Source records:
══════════════════════════════

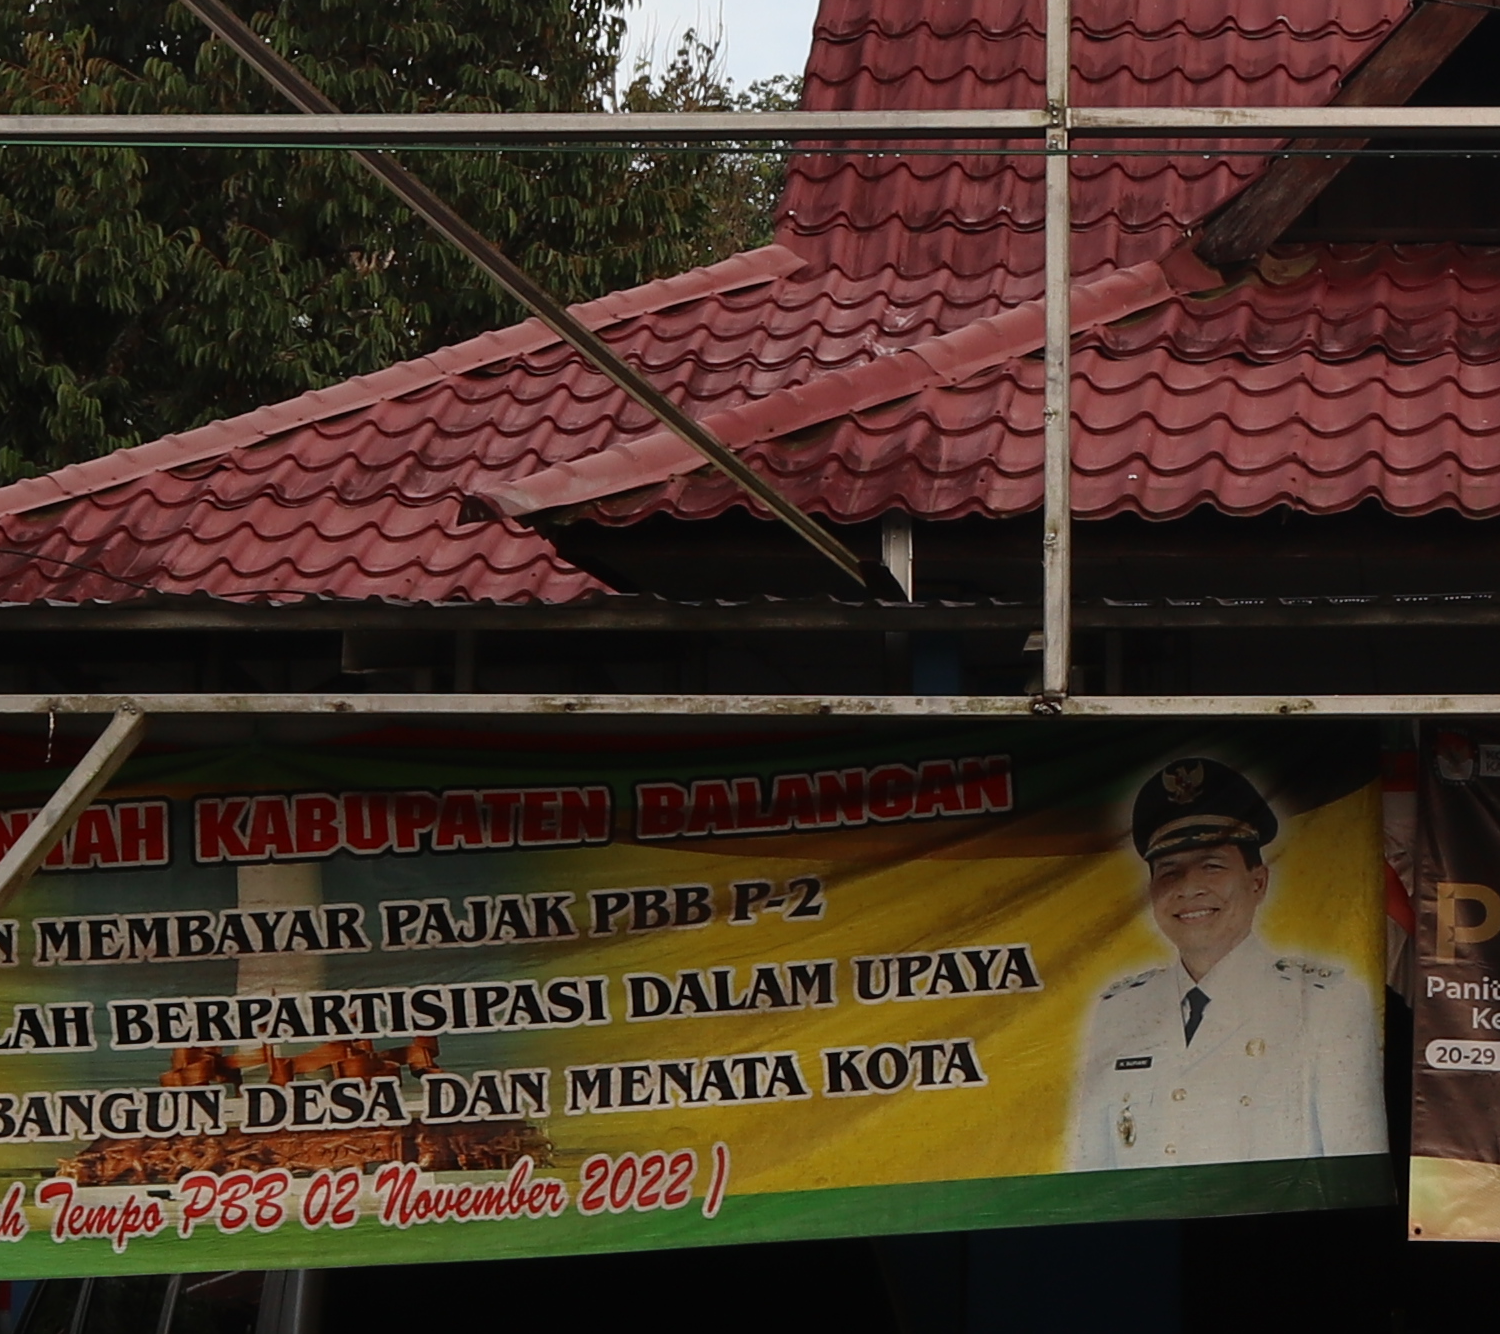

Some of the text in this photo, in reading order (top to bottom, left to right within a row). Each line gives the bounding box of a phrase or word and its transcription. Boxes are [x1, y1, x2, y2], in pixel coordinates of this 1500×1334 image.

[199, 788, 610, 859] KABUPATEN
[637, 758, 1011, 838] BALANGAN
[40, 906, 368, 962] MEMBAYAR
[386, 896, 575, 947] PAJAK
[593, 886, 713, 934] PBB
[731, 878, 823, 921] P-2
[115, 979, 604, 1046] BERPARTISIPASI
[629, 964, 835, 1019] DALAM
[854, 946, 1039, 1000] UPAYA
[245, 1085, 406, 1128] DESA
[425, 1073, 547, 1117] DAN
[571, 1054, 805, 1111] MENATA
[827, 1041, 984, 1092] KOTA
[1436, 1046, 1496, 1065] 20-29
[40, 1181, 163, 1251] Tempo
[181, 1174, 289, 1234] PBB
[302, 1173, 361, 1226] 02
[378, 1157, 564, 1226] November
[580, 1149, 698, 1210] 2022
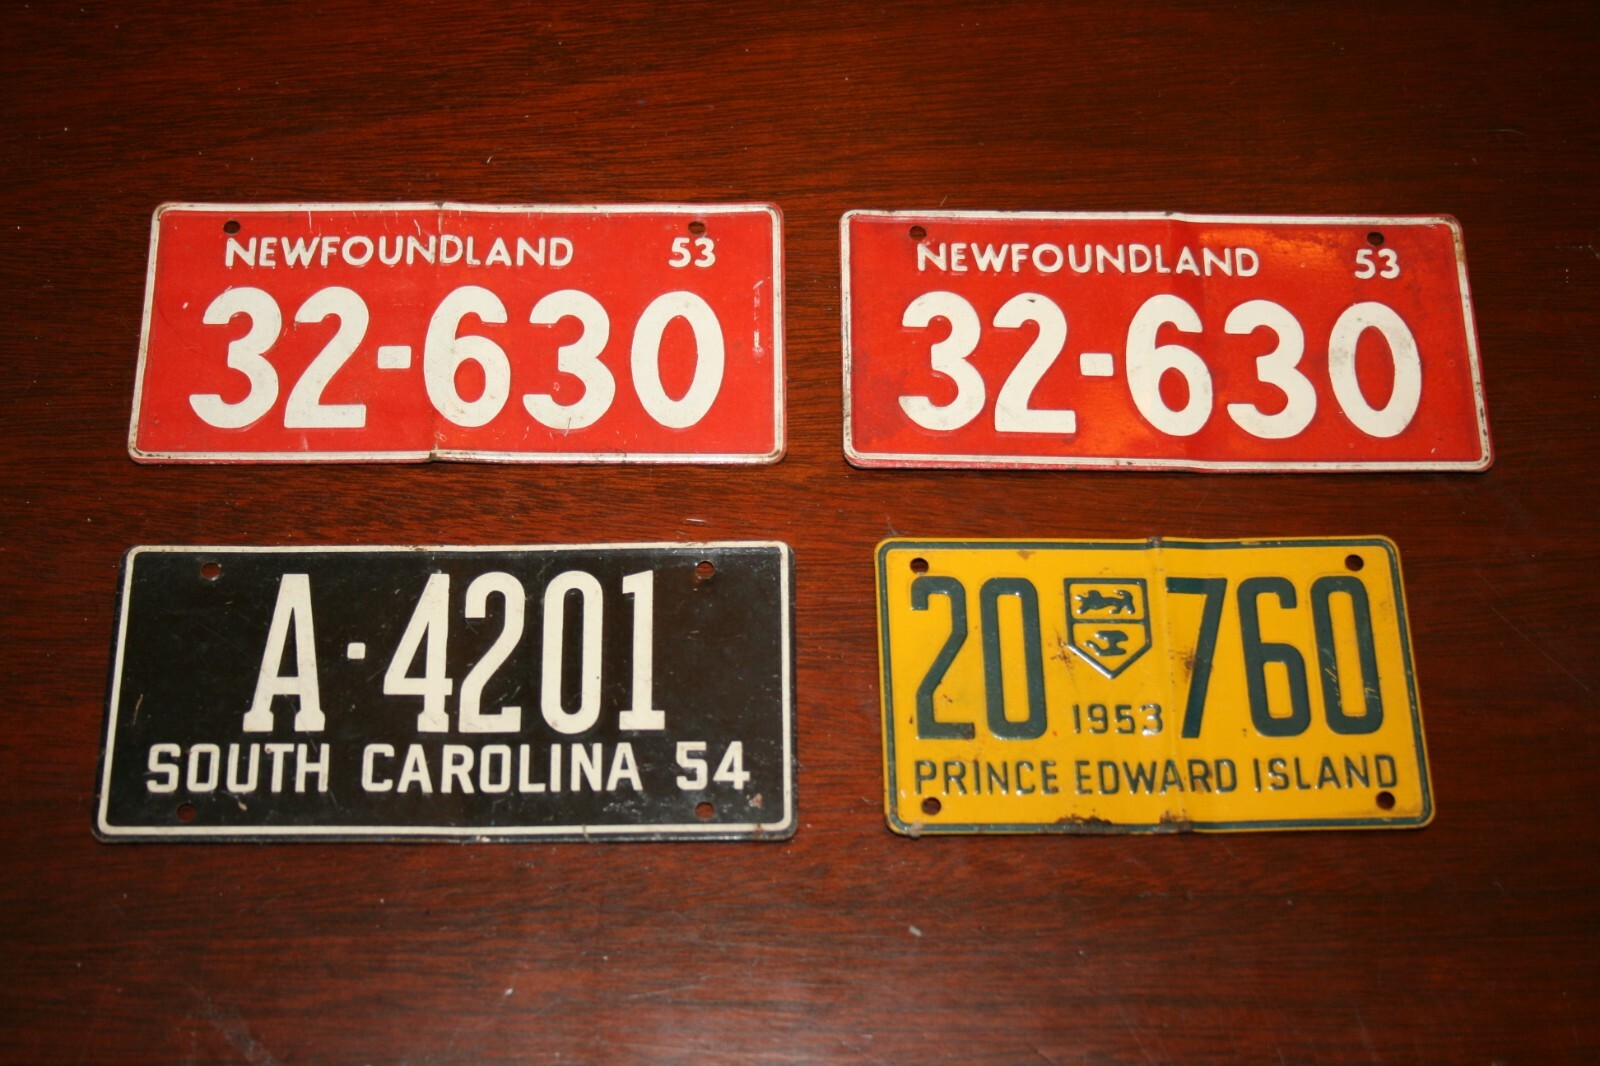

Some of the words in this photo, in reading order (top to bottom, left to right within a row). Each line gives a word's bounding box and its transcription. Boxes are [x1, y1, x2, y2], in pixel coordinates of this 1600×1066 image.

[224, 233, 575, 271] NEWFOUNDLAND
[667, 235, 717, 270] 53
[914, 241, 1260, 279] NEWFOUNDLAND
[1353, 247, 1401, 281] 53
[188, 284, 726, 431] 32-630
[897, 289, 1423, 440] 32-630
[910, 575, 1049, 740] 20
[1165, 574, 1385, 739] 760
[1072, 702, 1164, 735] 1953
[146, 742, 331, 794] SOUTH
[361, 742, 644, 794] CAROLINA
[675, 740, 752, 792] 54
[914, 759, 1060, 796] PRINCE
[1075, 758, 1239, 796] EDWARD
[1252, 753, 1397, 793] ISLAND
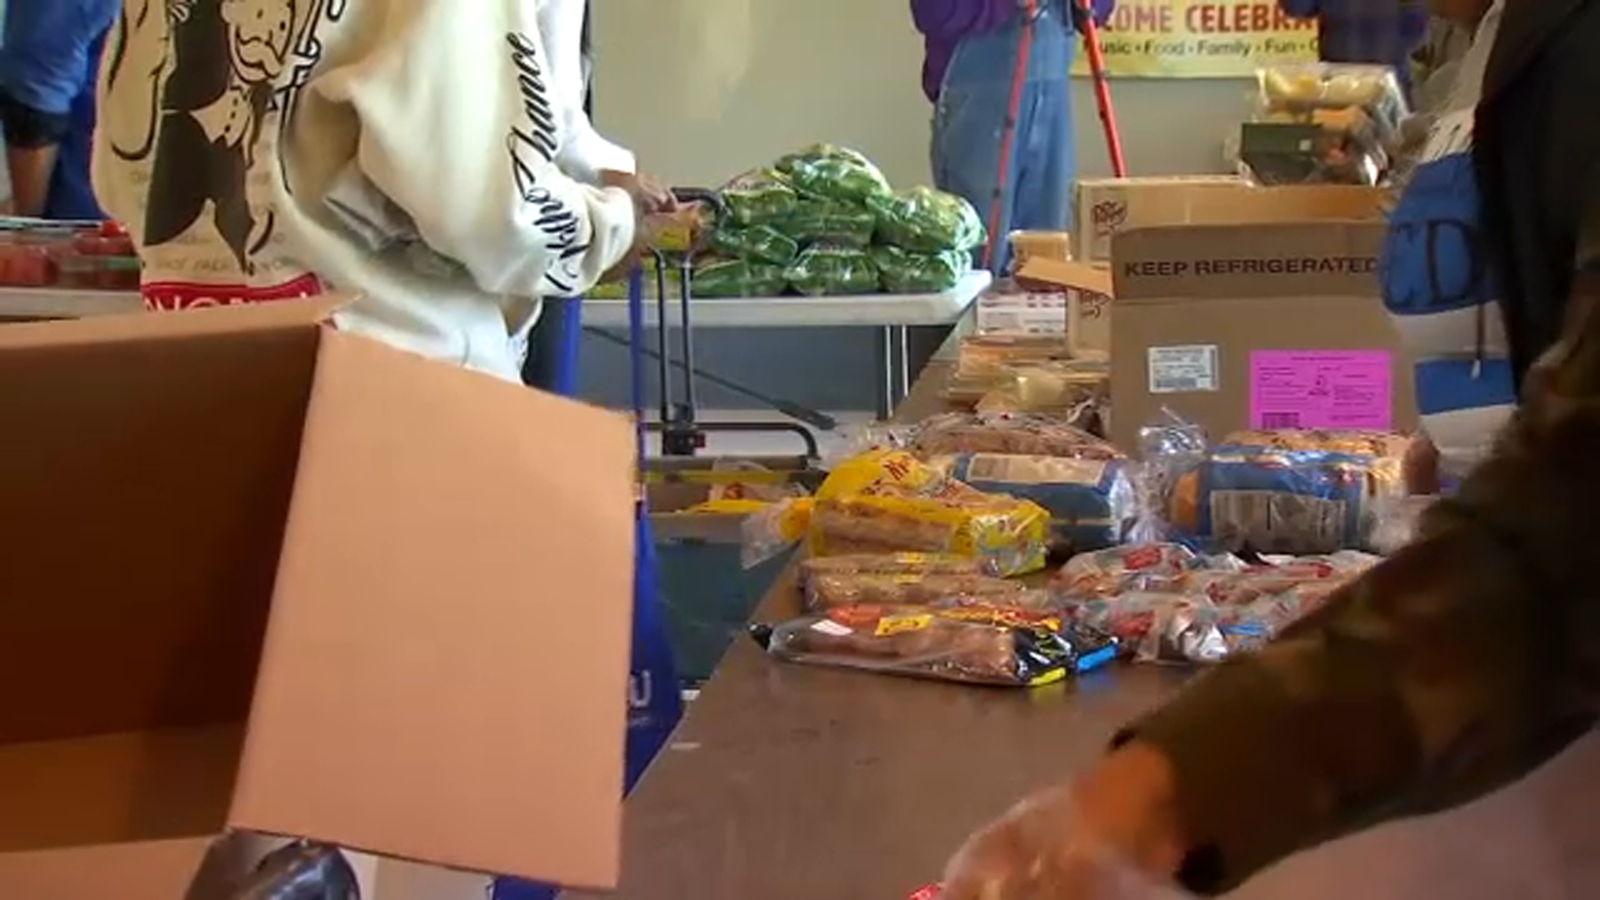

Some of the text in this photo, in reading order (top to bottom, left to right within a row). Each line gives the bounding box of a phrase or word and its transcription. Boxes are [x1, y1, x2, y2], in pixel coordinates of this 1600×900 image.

══════════════════════════════

Work item: Write out the data again word for word, minus any images.

Written answer:
Some of the text in this photo, in reading order (top to bottom, left to right within a row). Each line gives the bounding box of a phrase or word and its transcription. Boxes are [x1, y1, x2, y2], in pixel coordinates of this 1500×1334 image.

[199, 788, 610, 859] KABUPATEN
[637, 758, 1011, 838] BALANGAN
[40, 906, 368, 962] MEMBAYAR
[386, 896, 575, 947] PAJAK
[593, 886, 713, 934] PBB
[731, 878, 823, 921] P-2
[115, 979, 604, 1046] BERPARTISIPASI
[629, 964, 835, 1019] DALAM
[854, 946, 1039, 1000] UPAYA
[245, 1085, 406, 1128] DESA
[425, 1073, 547, 1117] DAN
[571, 1054, 805, 1111] MENATA
[827, 1041, 984, 1092] KOTA
[1436, 1046, 1496, 1065] 20-29
[40, 1181, 163, 1251] Tempo
[181, 1174, 289, 1234] PBB
[302, 1173, 361, 1226] 02
[378, 1157, 564, 1226] November
[580, 1149, 698, 1210] 2022

Some of the words in this photo, in reading order (top to bottom, left to right within a row). Each line gives a word's bounding box and its transcription. Boxes are [x1, y1, x2, y2], in pixel coordinates of this 1600×1066 image.

[224, 233, 575, 271] NEWFOUNDLAND
[667, 235, 717, 270] 53
[914, 241, 1260, 279] NEWFOUNDLAND
[1353, 247, 1401, 281] 53
[188, 284, 726, 431] 32-630
[897, 289, 1423, 440] 32-630
[910, 575, 1049, 740] 20
[1165, 574, 1385, 739] 760
[1072, 702, 1164, 735] 1953
[146, 742, 331, 794] SOUTH
[361, 742, 644, 794] CAROLINA
[675, 740, 752, 792] 54
[914, 759, 1060, 796] PRINCE
[1075, 758, 1239, 796] EDWARD
[1252, 753, 1397, 793] ISLAND

Some of the text in this photo, in reading order (top to bottom, left to right within a row). Each line gives the bounding box of a phrase or word and its transcription. Boxes are [x1, y1, x2, y2], in pixel coordinates of this 1600×900 image.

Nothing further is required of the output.